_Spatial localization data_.
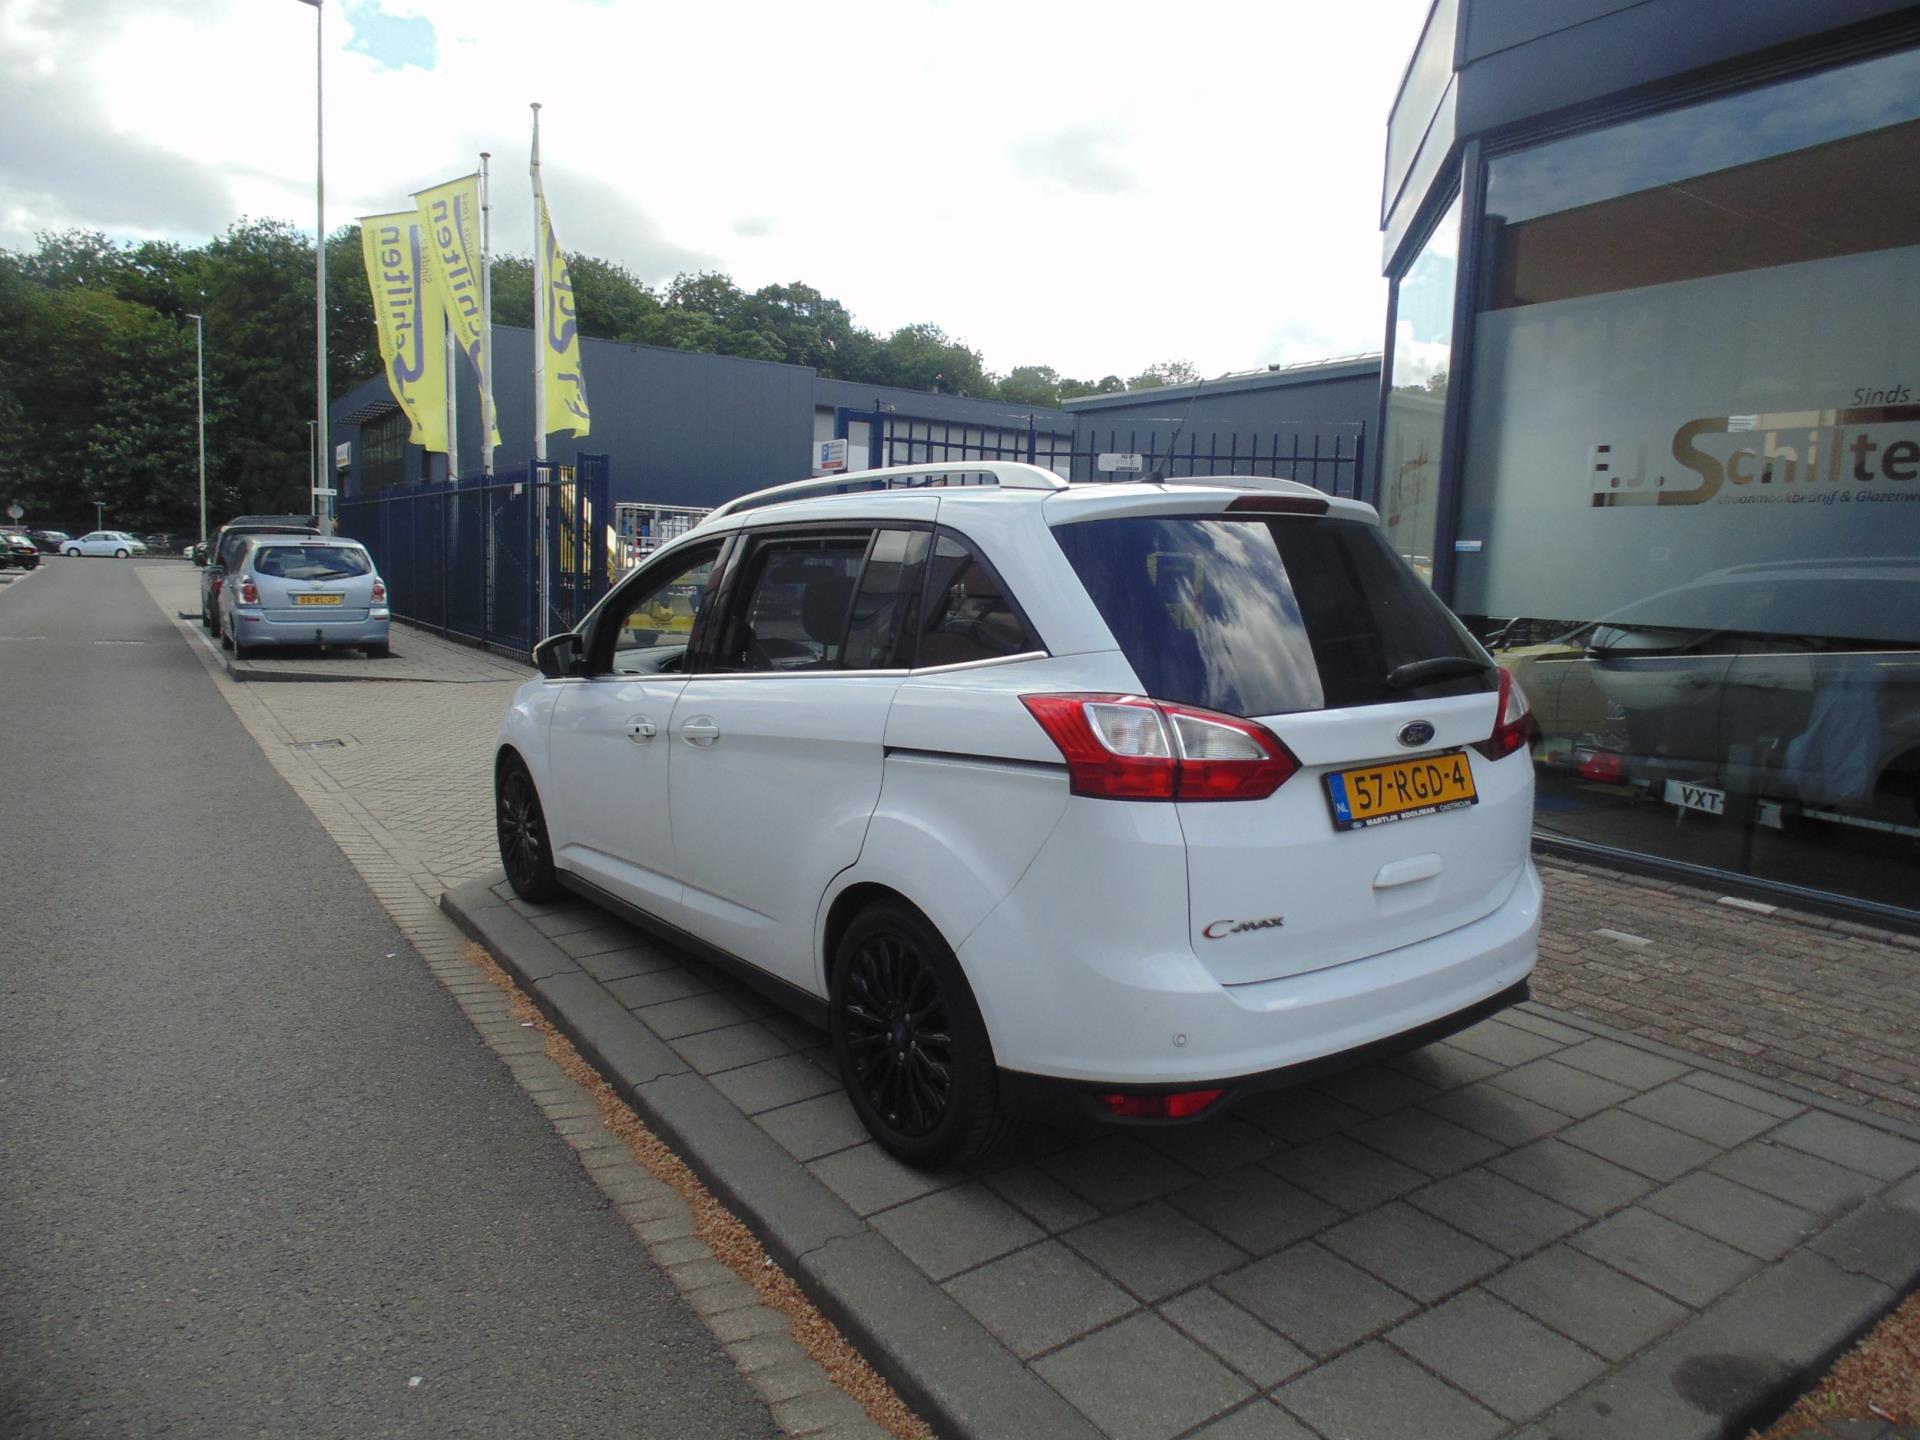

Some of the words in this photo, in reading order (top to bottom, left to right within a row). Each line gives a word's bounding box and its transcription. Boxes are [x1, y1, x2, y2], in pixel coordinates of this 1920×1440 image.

[1850, 384, 1912, 406] Sinds
[1354, 760, 1465, 810] 57-RGD-4
[1336, 802, 1349, 814] NL
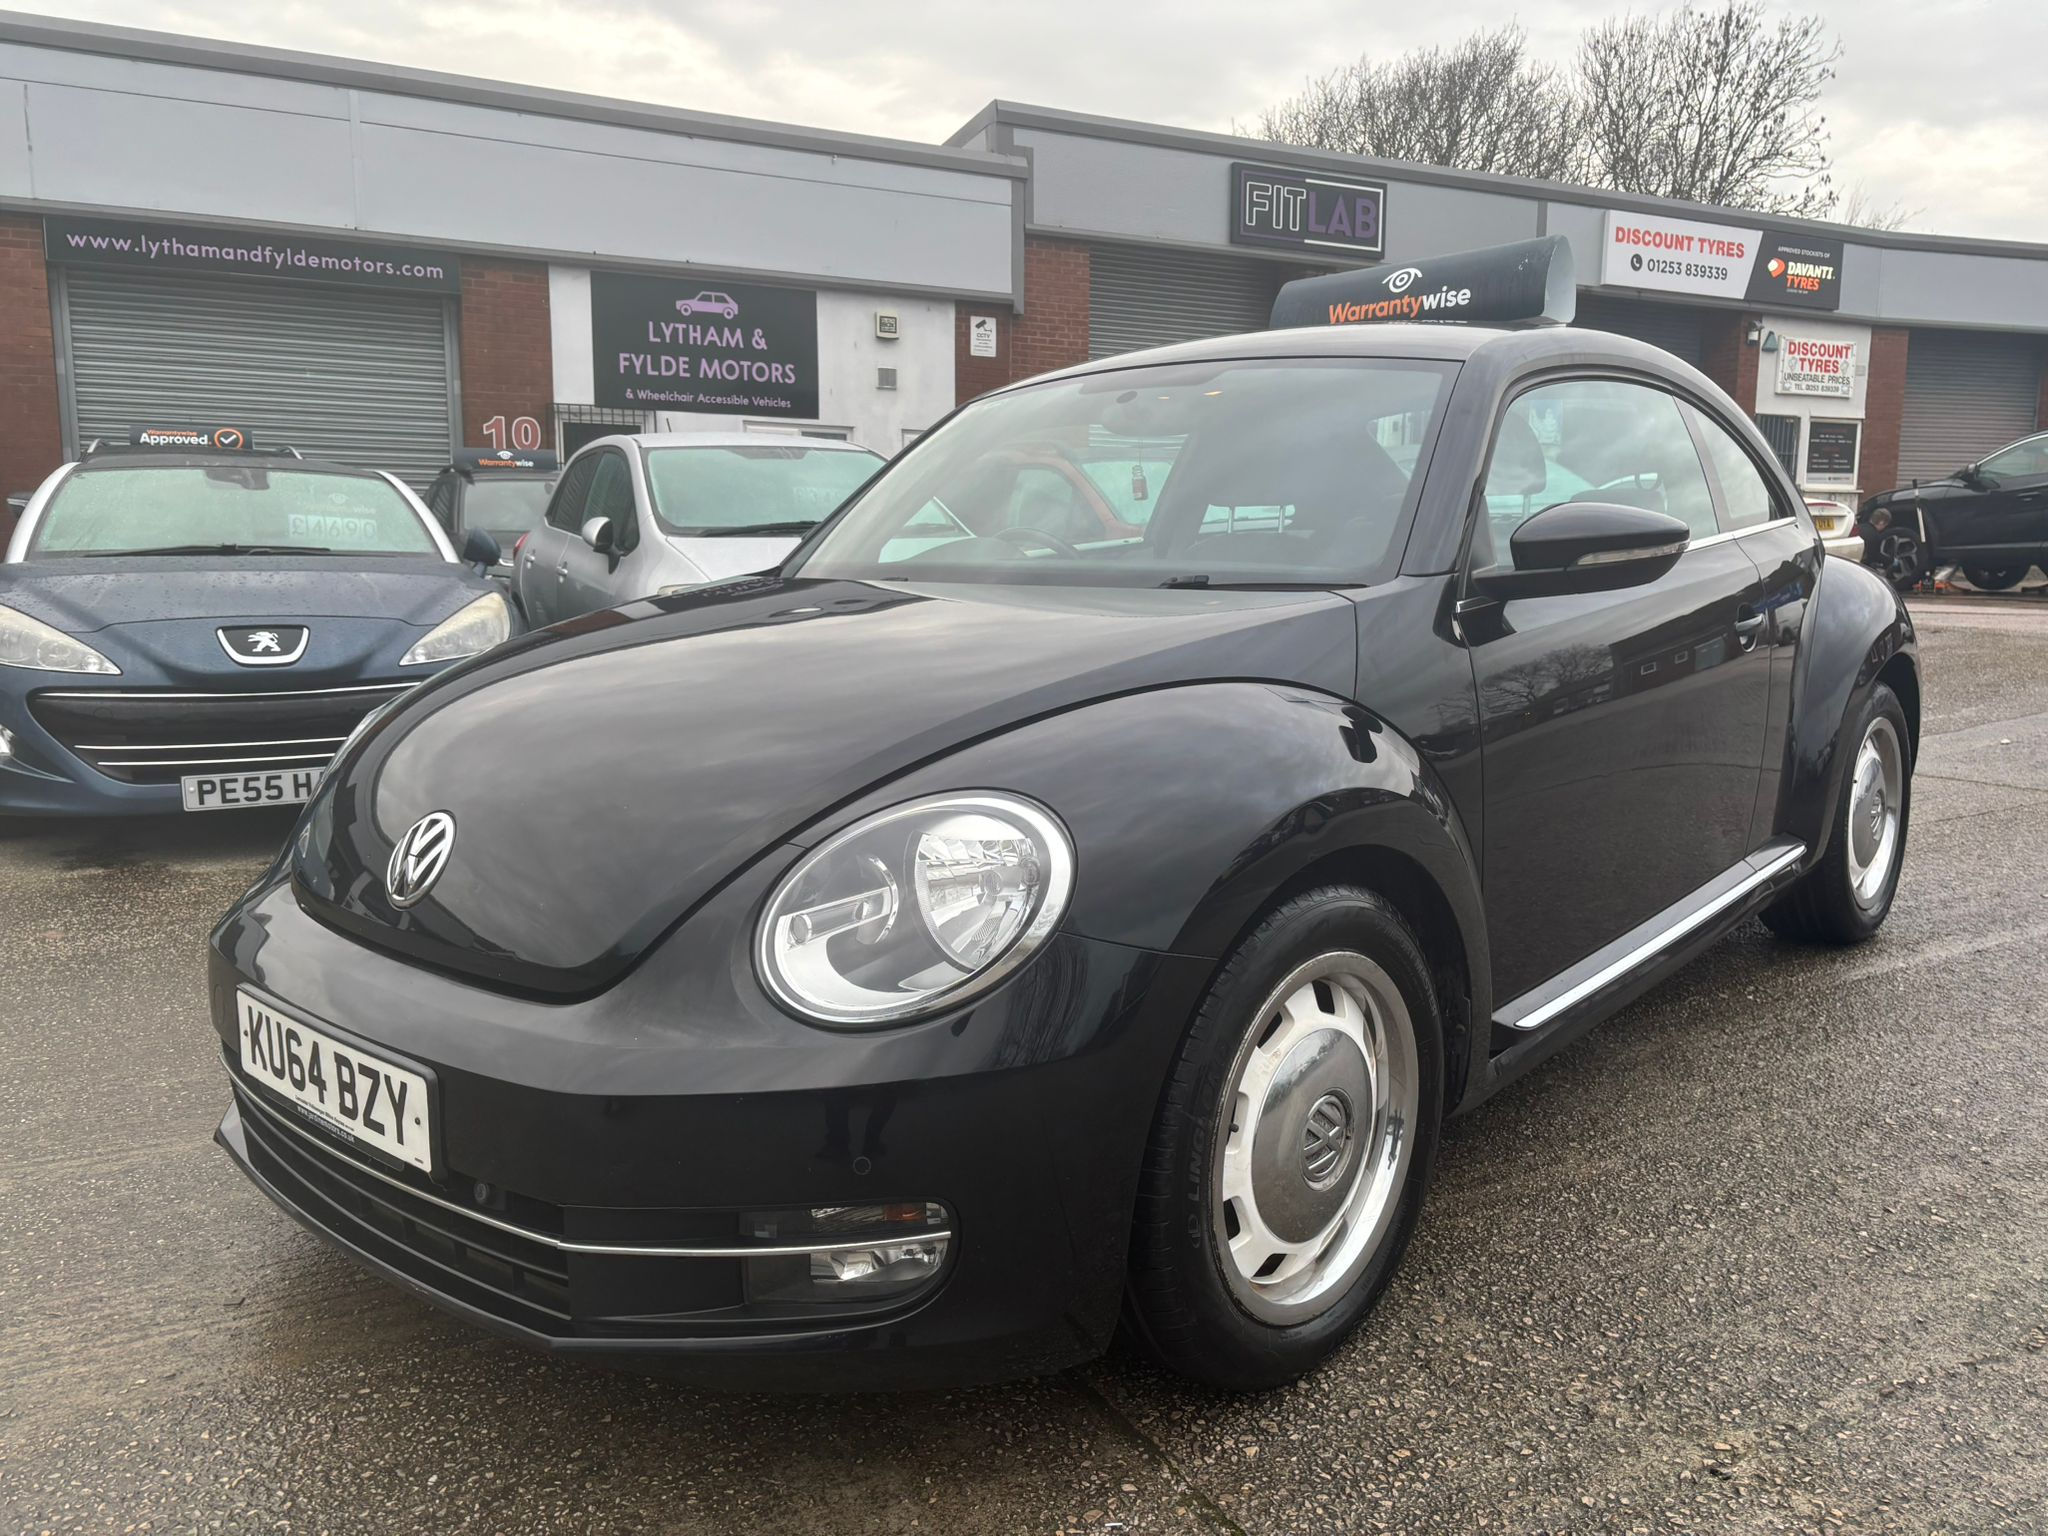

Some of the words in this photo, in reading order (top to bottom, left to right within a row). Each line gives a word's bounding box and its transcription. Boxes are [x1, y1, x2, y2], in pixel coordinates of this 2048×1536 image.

[66, 232, 444, 279] www.lythamandfyldemotors.com
[1615, 226, 1694, 252] DISCOUNT
[1698, 237, 1745, 259] TYRES
[1647, 258, 1682, 275] 01253
[1685, 263, 1728, 281] 839339
[1786, 261, 1834, 280] DAVANTI
[1786, 275, 1821, 291] TYRES
[1328, 285, 1472, 325] Warrantywise
[647, 320, 744, 350] LYTHAM
[751, 327, 767, 351] &
[1788, 341, 1851, 359] DISCOUNT
[618, 352, 691, 378] FYLDE
[698, 357, 797, 385] MOTORS
[1798, 358, 1840, 374] TYRES
[1827, 375, 1851, 385] PRICES
[625, 388, 634, 400] &
[636, 388, 694, 403] Wheelchair
[697, 392, 750, 407] Accessible
[752, 395, 792, 409] Vehicles
[482, 415, 541, 450] 10
[196, 774, 284, 806] PE55
[292, 771, 325, 799] H
[247, 1005, 328, 1105] KU64
[333, 1051, 408, 1146] BZY

_TASK DIRECTIONS_.
Each entry above is to be written out exactly. The pictures stay out.

_SOLUTION TO THE EXERCISE_.
Some of the words in this photo, in reading order (top to bottom, left to right within a row). Each line gives a word's bounding box and its transcription. Boxes are [x1, y1, x2, y2], in pixel coordinates of this 1920×1440 image.

[1850, 384, 1912, 406] Sinds
[1354, 760, 1465, 810] 57-RGD-4
[1336, 802, 1349, 814] NL

Some of the words in this photo, in reading order (top to bottom, left to right within a row). Each line gives a word's bounding box and its transcription. Boxes are [x1, y1, x2, y2], in pixel coordinates of this 2048×1536 image.

[66, 232, 444, 279] www.lythamandfyldemotors.com
[1615, 226, 1694, 252] DISCOUNT
[1698, 237, 1745, 259] TYRES
[1647, 258, 1682, 275] 01253
[1685, 263, 1728, 281] 839339
[1786, 261, 1834, 280] DAVANTI
[1786, 275, 1821, 291] TYRES
[1328, 285, 1472, 325] Warrantywise
[647, 320, 744, 350] LYTHAM
[751, 327, 767, 351] &
[1788, 341, 1851, 359] DISCOUNT
[618, 352, 691, 378] FYLDE
[698, 357, 797, 385] MOTORS
[1798, 358, 1840, 374] TYRES
[1827, 375, 1851, 385] PRICES
[625, 388, 634, 400] &
[636, 388, 694, 403] Wheelchair
[697, 392, 750, 407] Accessible
[752, 395, 792, 409] Vehicles
[482, 415, 541, 450] 10
[196, 774, 284, 806] PE55
[292, 771, 325, 799] H
[247, 1005, 328, 1105] KU64
[333, 1051, 408, 1146] BZY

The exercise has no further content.